This playbook is designed to enhance the security level in PAN-OS firewalls by safely adding an Anti-Spyware security profile to a security rule.
The playbook provides control over the behavior when a rule:
- Already has an Anti-Spyware profile
- Uses a security profile group, with or without an Anti-Spyware profile
The output of the playbook is the Anti-Spyware profile configured for the rule upon playbook completion. This can be:
- The initial profile, if untouched
- A newly overwritten profile
- A newly added profile
This playbook uses the following sub-playbooks, integrations, and scripts.
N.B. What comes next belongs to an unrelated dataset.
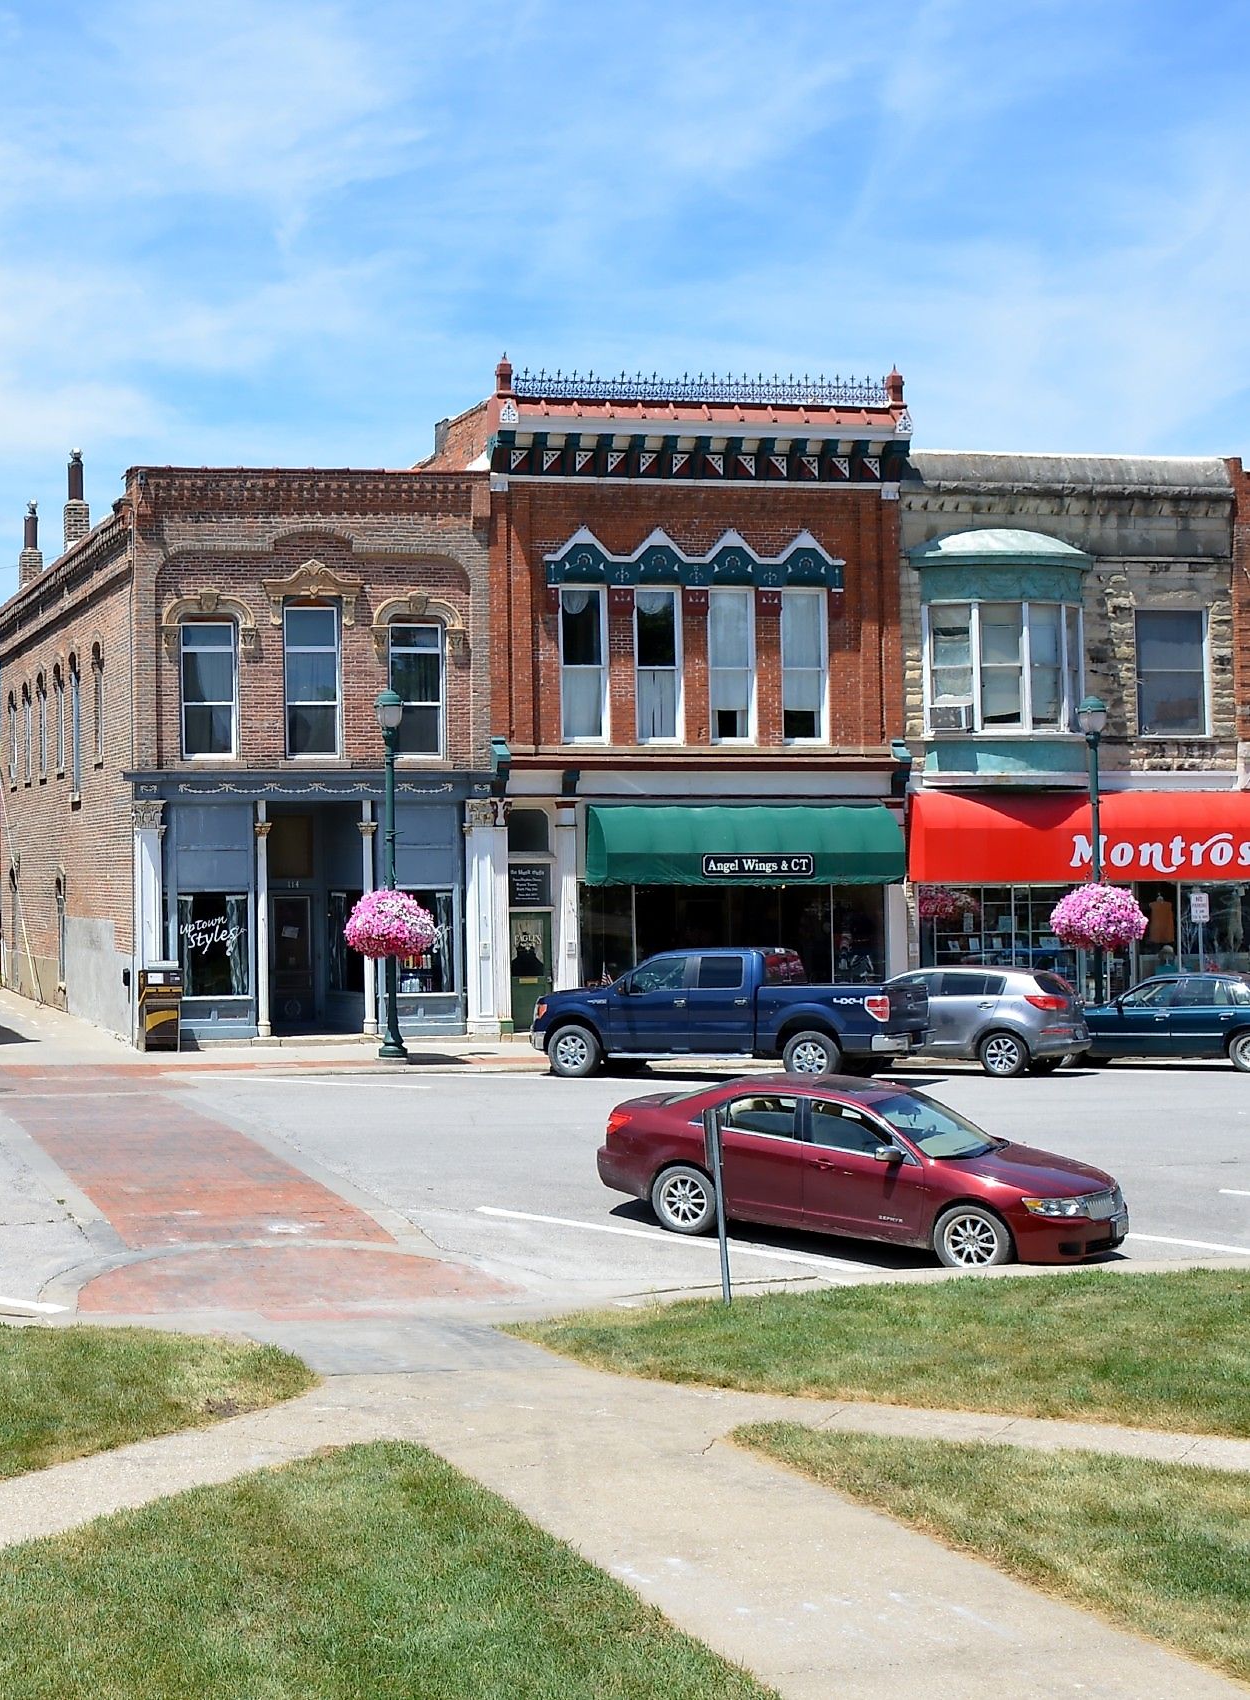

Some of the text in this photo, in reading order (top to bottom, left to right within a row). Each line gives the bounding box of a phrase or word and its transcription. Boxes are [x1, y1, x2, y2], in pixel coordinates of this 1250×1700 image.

[708, 858, 809, 874] Angel Wings & CT
[188, 924, 239, 955] Styles
This playbook does not use any sub-playbooks.
- Panorama
- SetAndHandleEmpty
- pan-os-get-security-profiles
- pan-os-create-anti-spyware-best-practice-profile
- pan-os-apply-security-profile
- pan-os-list-rules
| Name | Description | Default Value | Required |
|---|---|---|---|
| RuleName | The name of the rule to which the Security Profile should be added. | Required | |
| SecurityProfileName | The name of the Security Profile that should be added to the rule. If it doesn't exit, one will be created with the name specified here. | Required | |
| OverwriteProfileIfExists | Whether to overwrite an existing Anti-Spyware Security Profile. If an Anti-Spyware Security Profile is configured to the rule through a group of profiles and not a single profile, setting this input's value to True will overwrite the existing profile within the group instead of applying the profile and overwriting the whole group. Possible values are: True to overwrite, False to keep existing. |
False | Required |
| Path | Description | Type |
|---|---|---|
| AntiSpywareProfileNameApplied | The name of the Anti-Spyware Security Profile that is applied to the rule. The value could be the name of the profile that was added, overwritten with, or left untouched - for the specified rule. | unknown |